The incremental proceeds from the federal OBPS compensation obligations that would be redistributed to backstop jurisdictions are estimated to be between $175 million and $350 million, with a central estimate of $265 million. These estimates of incremental redistribution are based on changes in compensation proceeds (i.e. compensation obligation payments) between the Baseline and Regulatory Scenarios. In the Baseline Scenario, it is assumed that covered facilities would pay $50 per tonne of CO2e on all emissions above their emissions limits (compensation obligation). In the Regulatory Scenario, it is assumed that covered facilities would pay the applicable excess emissions charge on their compensation obligation. However, compensation proceeds are not expected to equal redistribution exactly, as the analysis does not account for potential decreases in economic activity that could be associated with carbon pricing. As such, to be conservative, the central estimate of redistribution is assumed to be 25% lower than the original compensation proceeds estimate. The sensitivity analysis then uses the original compensation proceeds estimate for the upper bound of redistribution, and a 50% lower estimate for the lower bound of redistribution. Table 9 summarizes these estimates by year.

Table 9: Benefits to backstop jurisdictions from compensation proceeds redistribution (2023–2032, millions of Canadian dollars)
Estimates of redistribution 2023 2024 2025 2026 2027 2028 2029 2030 2031 2032 Total (present value)
High estimate
(100% of the compensation obligation)
5 12 19 29 39 51 53 52 50 43 $350
Central estimate (25% below the full compensation obligation) 4 9 15 21 30 38 40 39 38 32 $265
Low estimate
(50% below the full compensation obligation)
3 6 10 14 20 26 26 26 25 21 $175
Streamlined requirements for Output-Based Pricing System participation

The amendments facilitate OBPS participation through the inclusion of additional industrial activities recognized by the Minister; the List of additional industrial activities will be published on the Department’s OBPS web page. The amendments also harmonize requirements for opt-in facilities through changes made to calculated OBSs and changes to the process for voluntary participation. The streamlined process enables the Minister to broaden opt-in eligibility to facilities engaged in additional industrial activities and could also increase the participation level of opt-in facilities, depending on the scope of where the OBPS applies. Increased participation may result in lower reductions in GHG emissions, and an increase in economic activity, but will lower costs for those facilities moving into the OBPS from a fuel charge regime. However, based on the current scope of application of the OBPS, no new voluntary participants are expected. Therefore, no incremental impacts are anticipated from these changes at this time.
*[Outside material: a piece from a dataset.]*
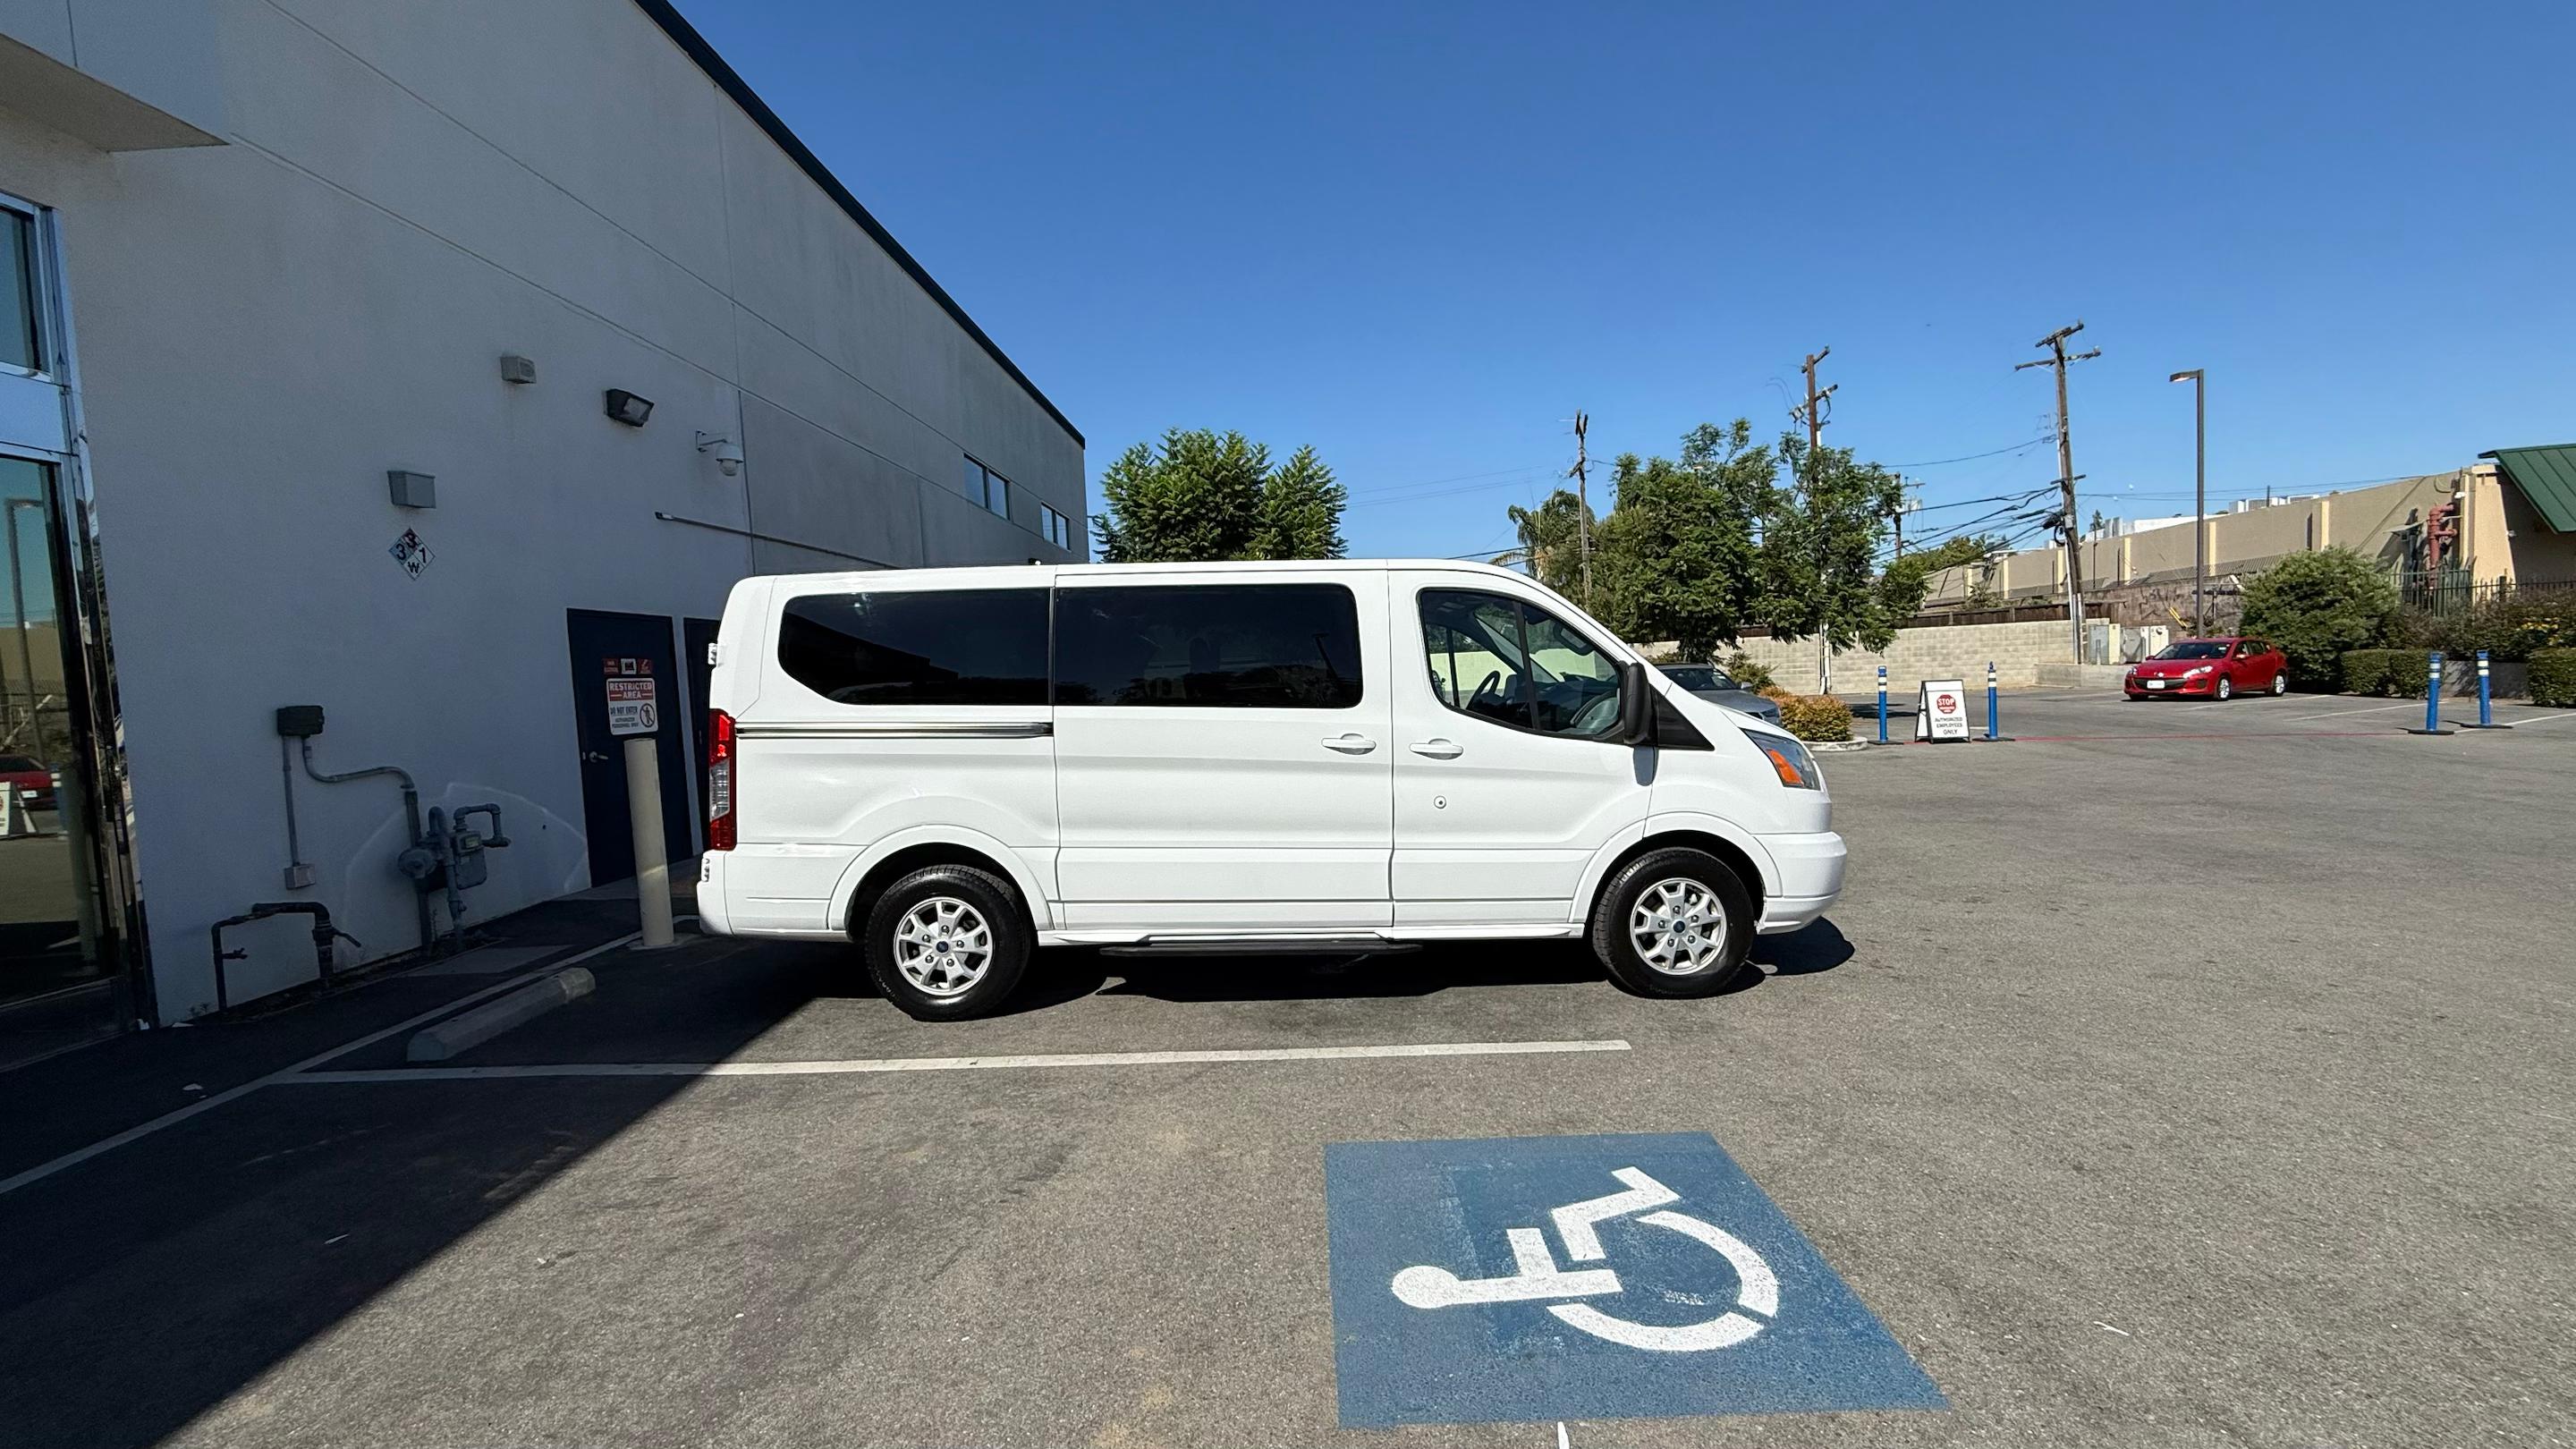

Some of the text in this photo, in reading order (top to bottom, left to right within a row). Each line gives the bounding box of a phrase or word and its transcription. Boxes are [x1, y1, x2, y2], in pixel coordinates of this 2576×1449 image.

Administrative costs to Government

Additional costs may accrue to the Department related to updating the electronic system to meet the various new requirements related to the amendments. There will be an estimated one-time expense of approximately $295,000 in the 2023–2024 fiscal year. This includes $95,000 for updating registration and reporting and up to $200,000 for updates to the credit and tracking system.

Distributional analysis
Cost impacts by jurisdiction

The magnitude of the impacts that are attributable to the amendments may disproportionately affect certain jurisdictions compared to others. By 2032, it is estimated that the amendments will result in a cumulative decrease in societal welfare in backstop jurisdictions compared to the Baseline Scenario in which the excess emissions charge and stringency of the OBPS do not change. The most significant impacts to welfare stem from affected activity in Nunavut. Approximately 61% of the total household welfare costs are expected to accrue in Nunavut while only 16% of total expected GHG emissions reductions occur in the territory. Nunavut faces disproportionately high welfare costs as modelling analysis shows the territory having high estimated OBPS compensation costs (in the mining and ore processing sector) due to its limited access to low-cost emissions reductions.
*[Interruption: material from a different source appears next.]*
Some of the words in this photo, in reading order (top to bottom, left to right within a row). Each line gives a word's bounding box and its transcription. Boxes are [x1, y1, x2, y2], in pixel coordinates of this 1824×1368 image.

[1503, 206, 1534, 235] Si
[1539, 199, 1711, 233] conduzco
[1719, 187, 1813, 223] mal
While any modelling exercises of potential future impacts are highly dependent on underlying forecasts, given the limited scope of the OBPS, the resulting distribution is especially dependent on forecasted future emissions intensities and technology deployment of relatively few economic sectors in relatively economically small jurisdictions. As underlined above, the estimated supply and demand of compensation obligations across economic sectors, and as a result across provinces and territories, is acutely sensitive to changes in underlying forecasted values in the Baseline Scenario. Therefore, the results show one possible outcome of the environmental and economic distributional impacts resulting from the amendments.
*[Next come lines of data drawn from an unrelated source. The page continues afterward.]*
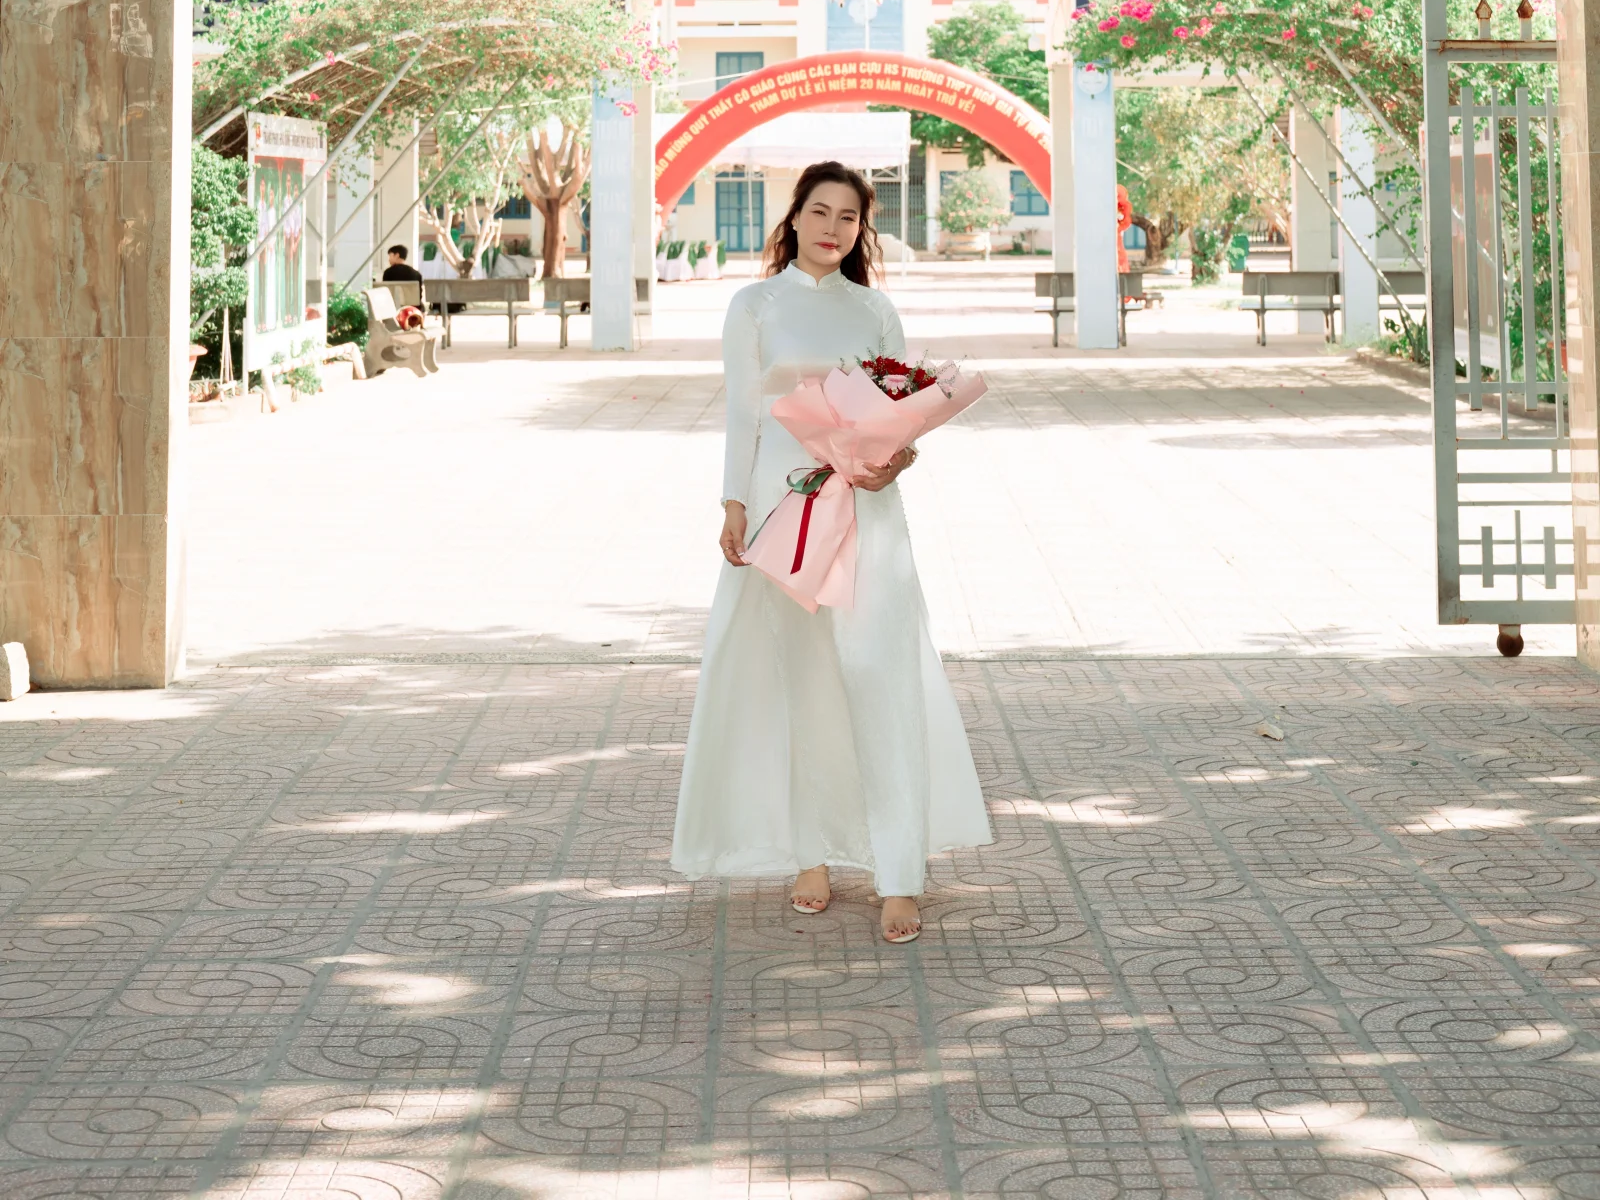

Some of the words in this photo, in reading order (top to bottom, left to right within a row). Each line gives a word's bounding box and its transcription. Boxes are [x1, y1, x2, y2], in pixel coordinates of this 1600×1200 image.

[734, 92, 750, 105] CÔ
[750, 78, 775, 97] GIÁO
[808, 63, 832, 79] CÁC
[833, 63, 857, 76] BẠN
[884, 63, 899, 75] HS
[901, 65, 945, 85] TRƯỜNG
[946, 76, 973, 95] THPT
[749, 92, 780, 114] THAM
[860, 78, 874, 90] 20
[904, 82, 934, 99] NGÀY
Table 10: Distribution of impacts by jurisdiction
Province and territory Percentage of total GHG emissions reduced by jurisdiction Percentage of total household welfare costs by jurisdiction
Manitoba 74% 25%
Prince Edward Island 7% 10%
Yukon 2% 5%
Nunavut 16% 61%
Summary of benefits and costs

From 2023 to 2032, there is an expected decrease in GHG emissions of between 2.5 million and 4.1 million Mt of CO2e, with a central estimate of 3.3 Mt of CO2e. Using the Department’s updated value of the SCC (2022 Canadian dollars), this decrease in GHG emissions is expected to benefit Canadian households by approximately $685 million to $1,140 million, with a central estimate of $910 million, as a result of avoided costs of damages related to climate change. The amendments are expected to decrease Canadian household welfare from 2023 to 2032 by between $400 million and $670 million, with a central estimate of $535 million, as a result of decreased domestic output and decreased consumption. The redistribution of federal proceeds collected from compensation obligations from 2023 to 2032 to households is expected to offset the costs to household welfare by $175 million to $350 million, with a central estimate of $265 million. Therefore, the total costs associated with the amendments could lower Canadian household welfare by $225 million to $315 million, with a central estimate of $270 million. Overall, it is estimated that the amendments will result in net benefits of approximately $640 million over the 2023 to 2032 period.

Cost-benefit statement
Table 11: Monetized benefits (2023–2032)
Impacted stakeholder Description of monetized benefit Base year (2023) [present value] Final year (2032) [present value] Total
(present value)
Annualized value
Industry Net reductions in administrative costs for covered facilities table e8 note a $280 $22,000 $185,000 $20,500
Canadians Societal benefits of reduced GHG emissions $8 million $218 million $910 million $101 million
All stakeholders Total benefits $8 million $218 million $910 million $100 million

Table e8 note(s)

Table e8 note a

These projected net reductions in administrative costs are described in the "One-for-one rule" section below.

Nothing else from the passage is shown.